### [Exercise aim]
The expected output is the full set of entries, retyped verbatim, pictures excluded.

### [Exercise input]

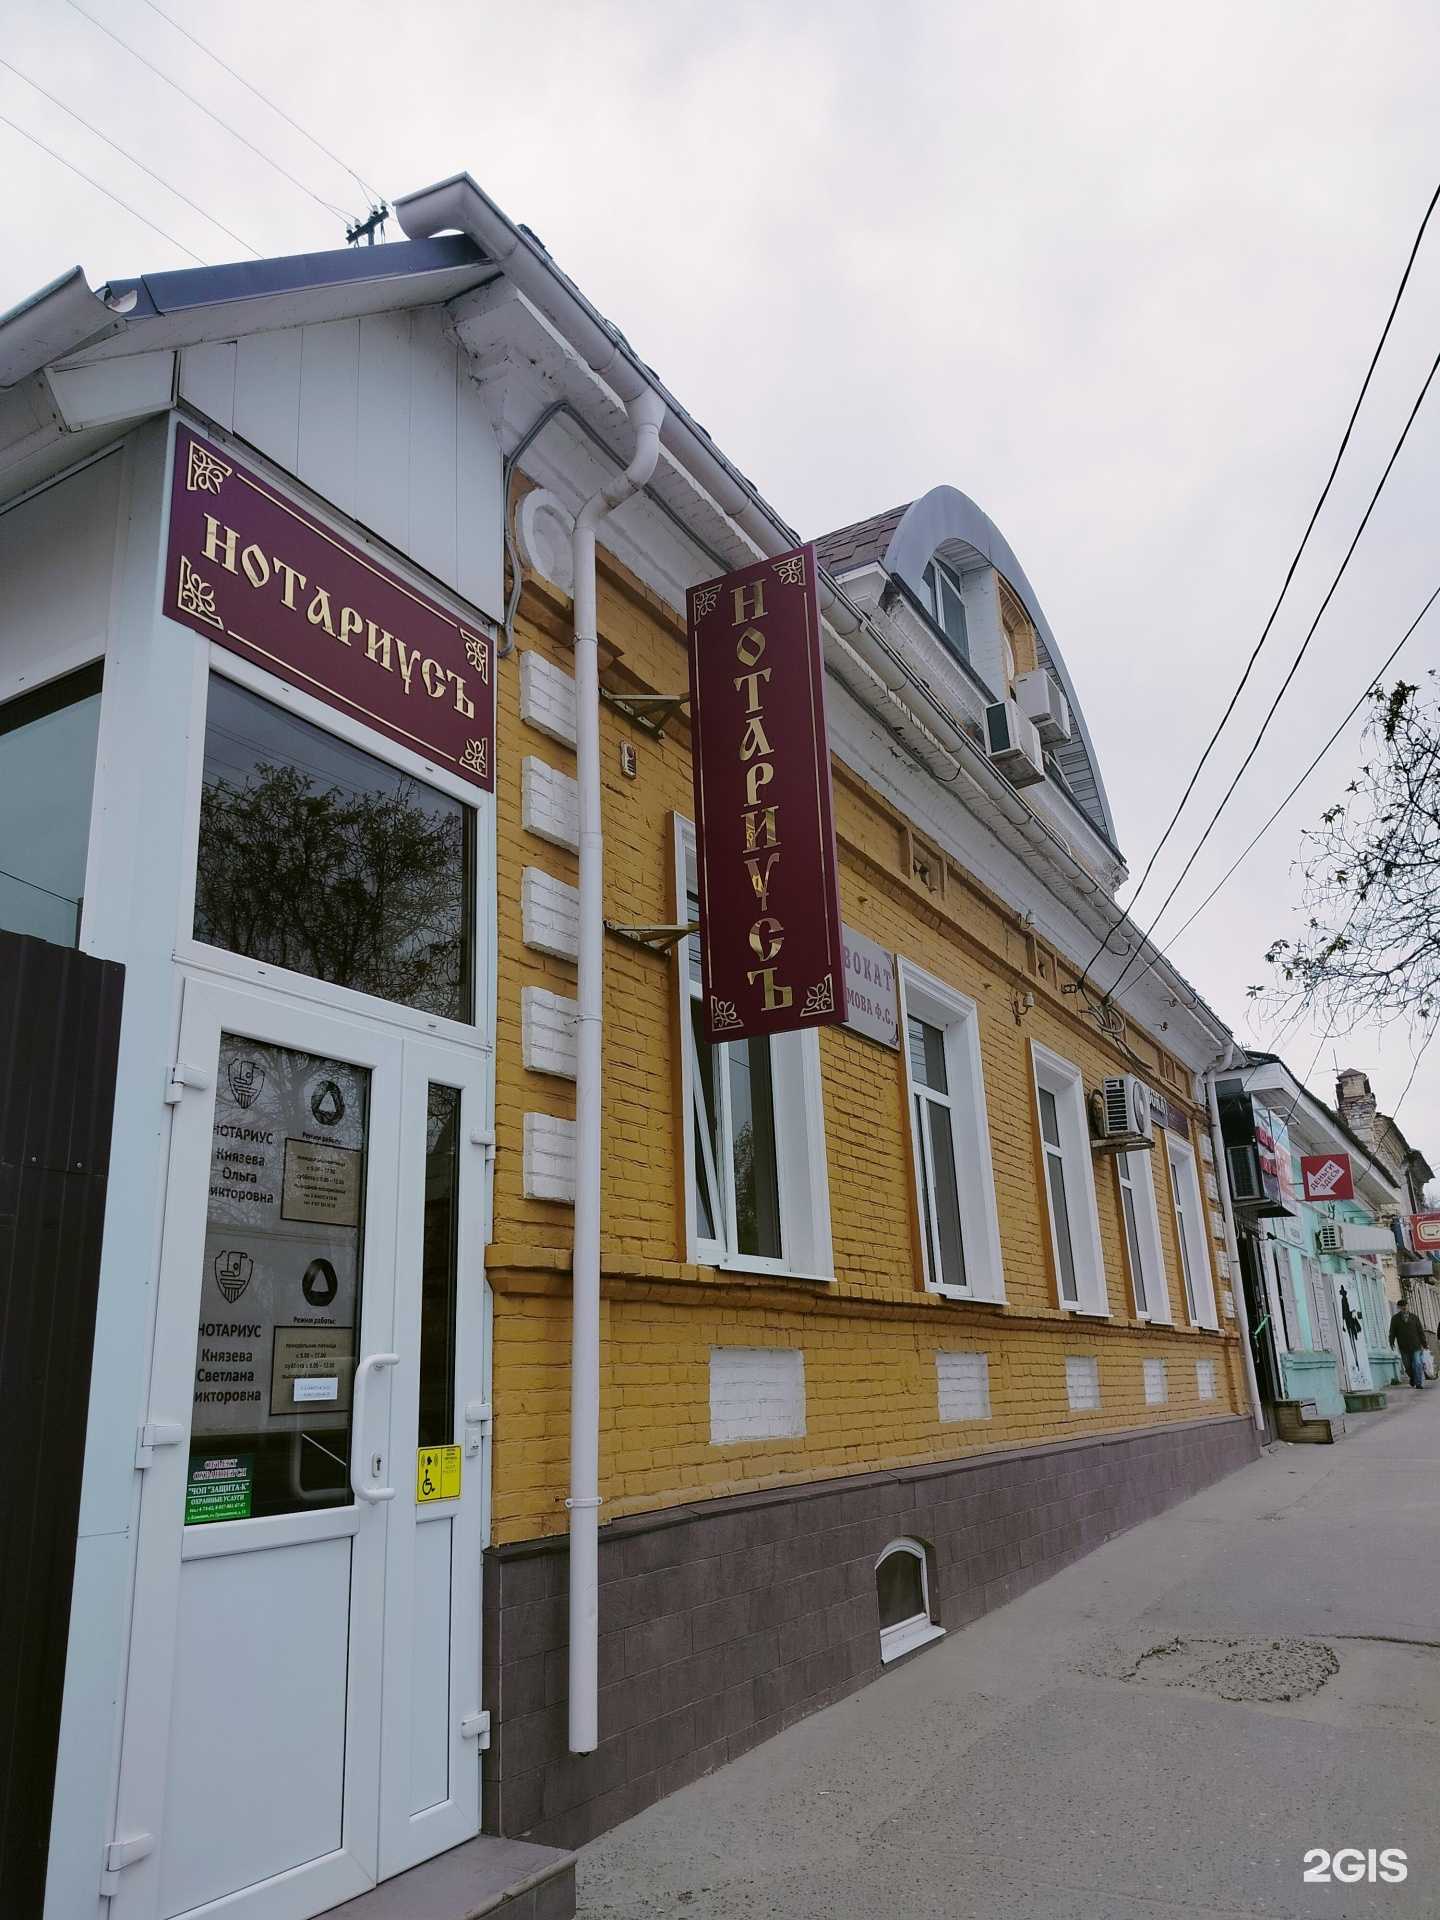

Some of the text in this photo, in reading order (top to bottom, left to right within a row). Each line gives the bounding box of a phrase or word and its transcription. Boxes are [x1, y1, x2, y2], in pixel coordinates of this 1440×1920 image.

[842, 947, 891, 992] ВОКАТ
[846, 987, 873, 1016] МОВА
[216, 1147, 266, 1167] Князева
[222, 1167, 257, 1184] Ольга
[1311, 1163, 1335, 1190] ДЕНЬГИ
[209, 1186, 274, 1204] икторовна
[201, 1348, 254, 1363] Князева
[197, 1368, 255, 1382] Светлана
[194, 1390, 262, 1405] икторовна
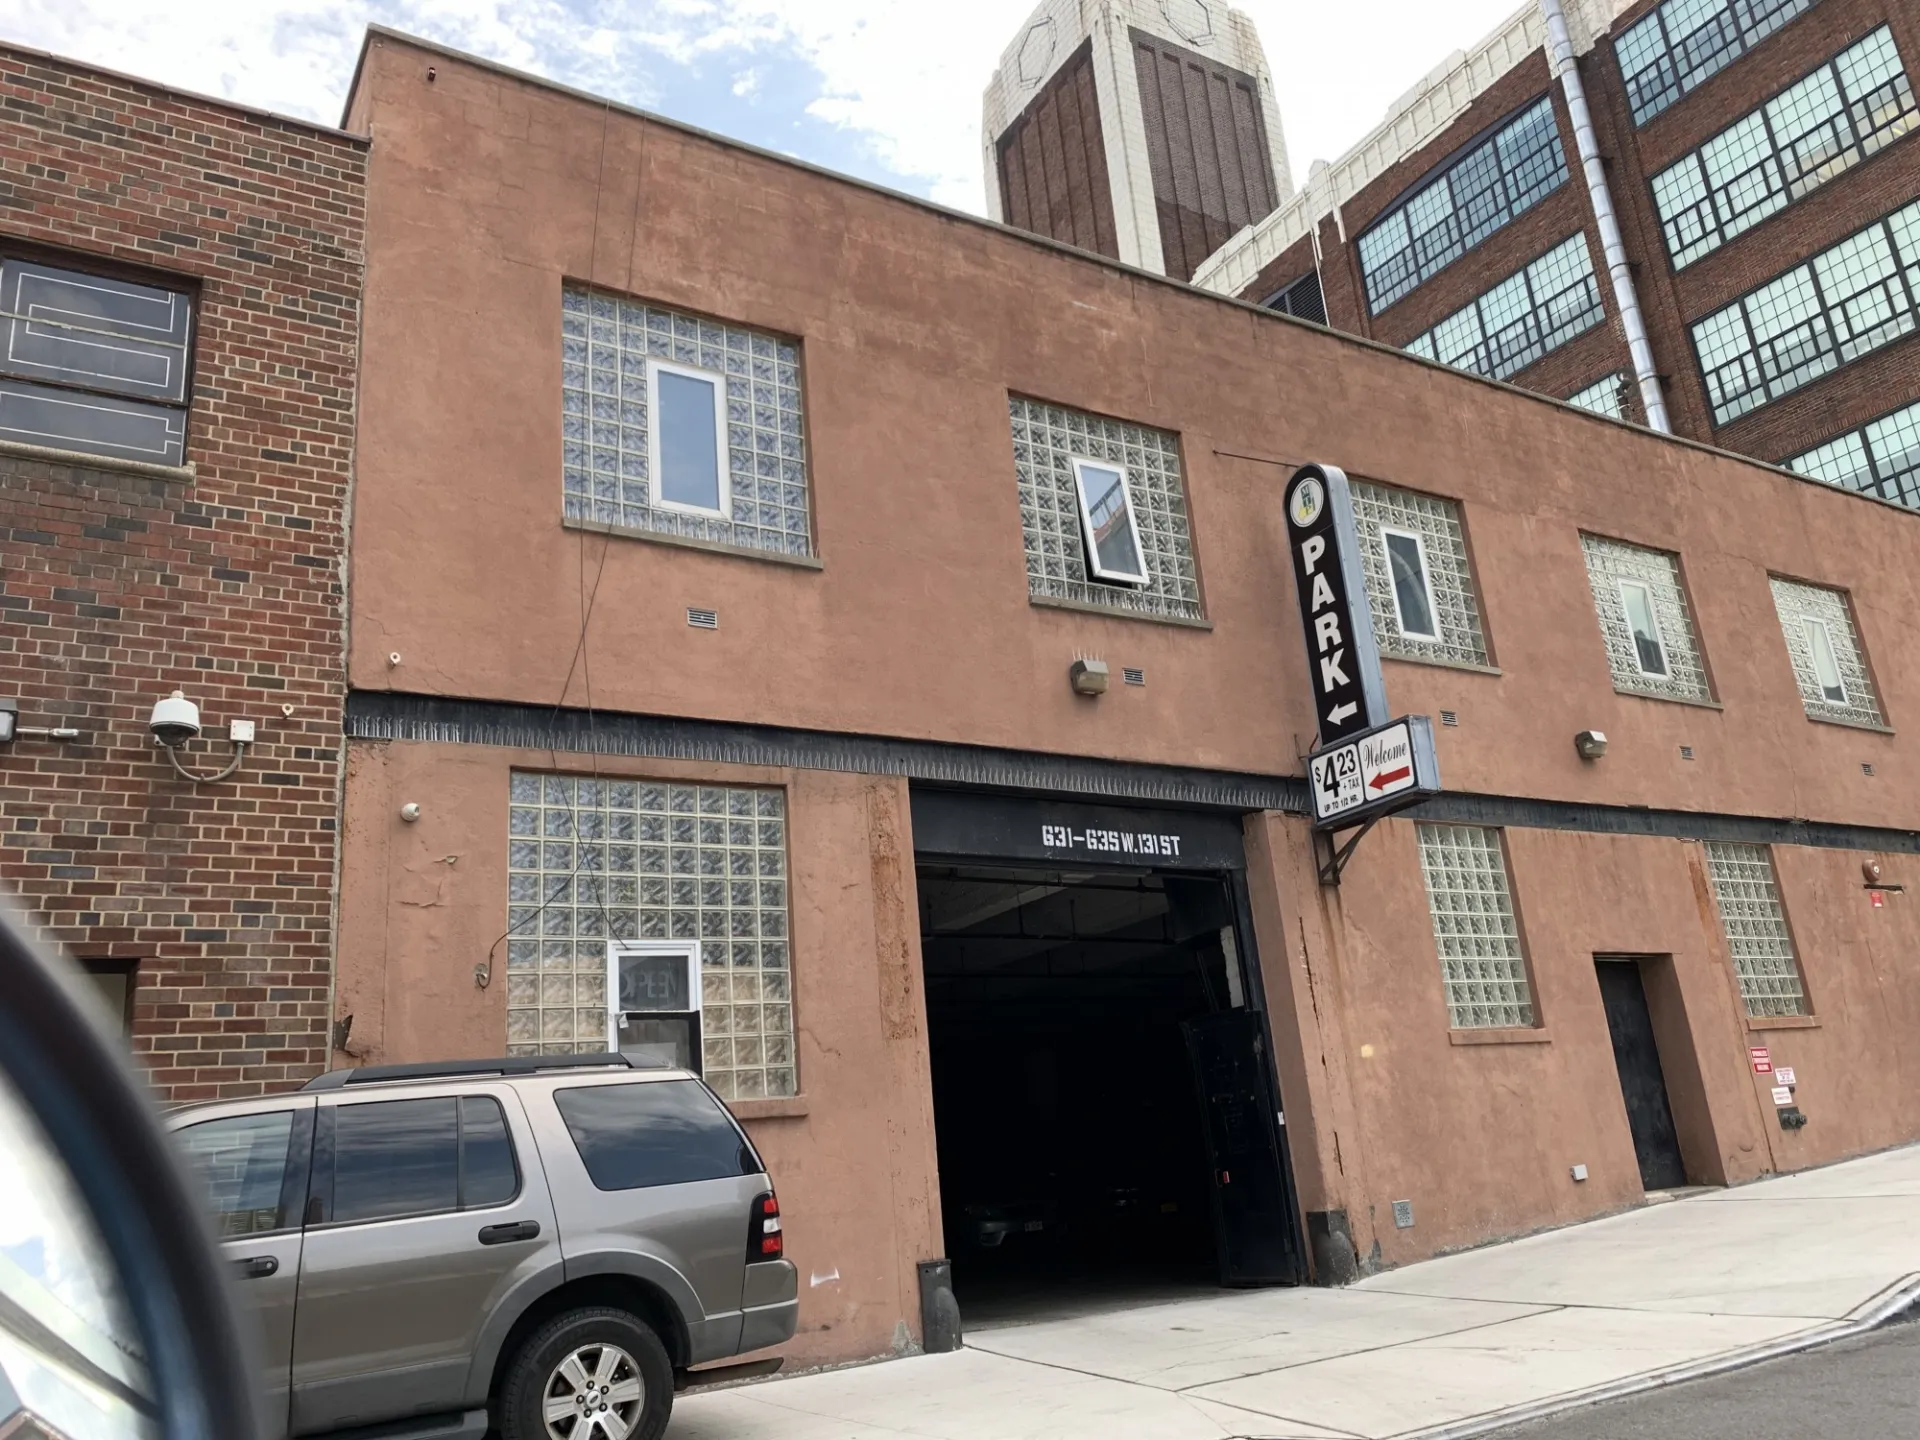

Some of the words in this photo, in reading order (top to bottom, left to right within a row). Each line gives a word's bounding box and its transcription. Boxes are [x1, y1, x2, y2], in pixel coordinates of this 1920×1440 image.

[1301, 534, 1351, 694] PARK
[1363, 739, 1407, 769] Welcome
[1347, 777, 1361, 790] TAX
[1324, 803, 1331, 812] UP
[1332, 801, 1339, 809] TO
[1042, 825, 1120, 852] 631-635
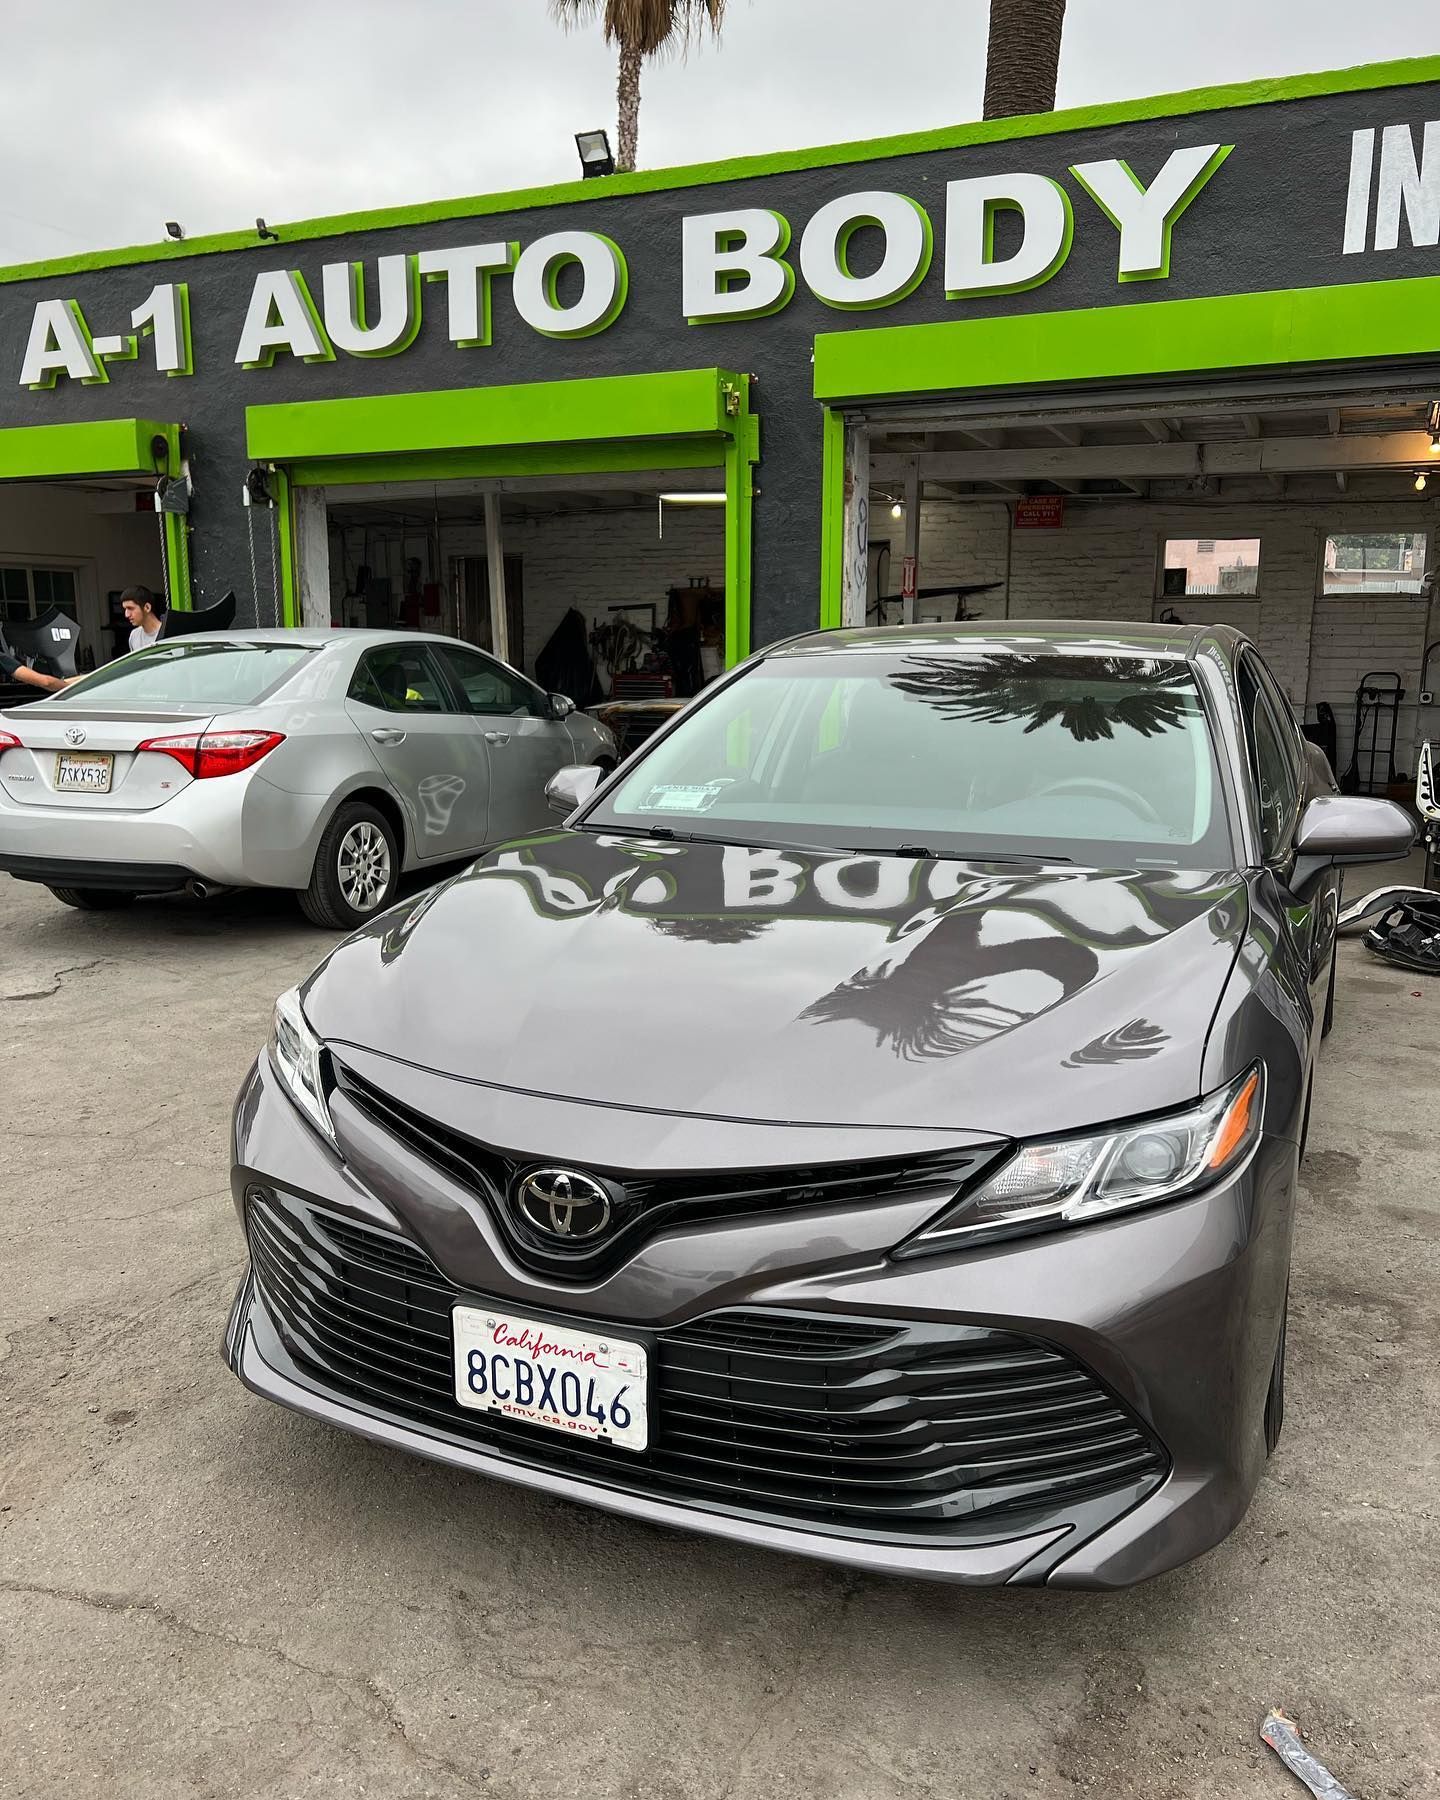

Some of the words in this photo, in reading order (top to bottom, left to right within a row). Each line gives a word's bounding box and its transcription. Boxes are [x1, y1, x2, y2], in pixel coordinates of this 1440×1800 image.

[19, 283, 190, 388] A-1
[235, 231, 624, 367] AUTO
[682, 143, 1230, 322] BODY
[492, 1322, 609, 1369] California
[467, 1349, 631, 1429] 8CBX046
[502, 1403, 598, 1433] dmv.ca.gov

### [Task response]
Some of the text in this photo, in reading order (top to bottom, left to right within a row). Each line gives the bounding box of a phrase or word and its transcription. Boxes are [x1, y1, x2, y2], in pixel coordinates of this 1440×1920 image.

[842, 947, 891, 992] ВОКАТ
[846, 987, 873, 1016] МОВА
[216, 1147, 266, 1167] Князева
[222, 1167, 257, 1184] Ольга
[1311, 1163, 1335, 1190] ДЕНЬГИ
[209, 1186, 274, 1204] икторовна
[201, 1348, 254, 1363] Князева
[197, 1368, 255, 1382] Светлана
[194, 1390, 262, 1405] икторовна

Some of the words in this photo, in reading order (top to bottom, left to right within a row). Each line gives a word's bounding box and its transcription. Boxes are [x1, y1, x2, y2], in pixel coordinates of this 1920×1440 image.

[1301, 534, 1351, 694] PARK
[1363, 739, 1407, 769] Welcome
[1347, 777, 1361, 790] TAX
[1324, 803, 1331, 812] UP
[1332, 801, 1339, 809] TO
[1042, 825, 1120, 852] 631-635

Some of the words in this photo, in reading order (top to bottom, left to right within a row). Each line gives a word's bounding box and its transcription. Boxes are [x1, y1, x2, y2], in pixel coordinates of this 1440×1800 image.

[19, 283, 190, 388] A-1
[235, 231, 624, 367] AUTO
[682, 143, 1230, 322] BODY
[492, 1322, 609, 1369] California
[467, 1349, 631, 1429] 8CBX046
[502, 1403, 598, 1433] dmv.ca.gov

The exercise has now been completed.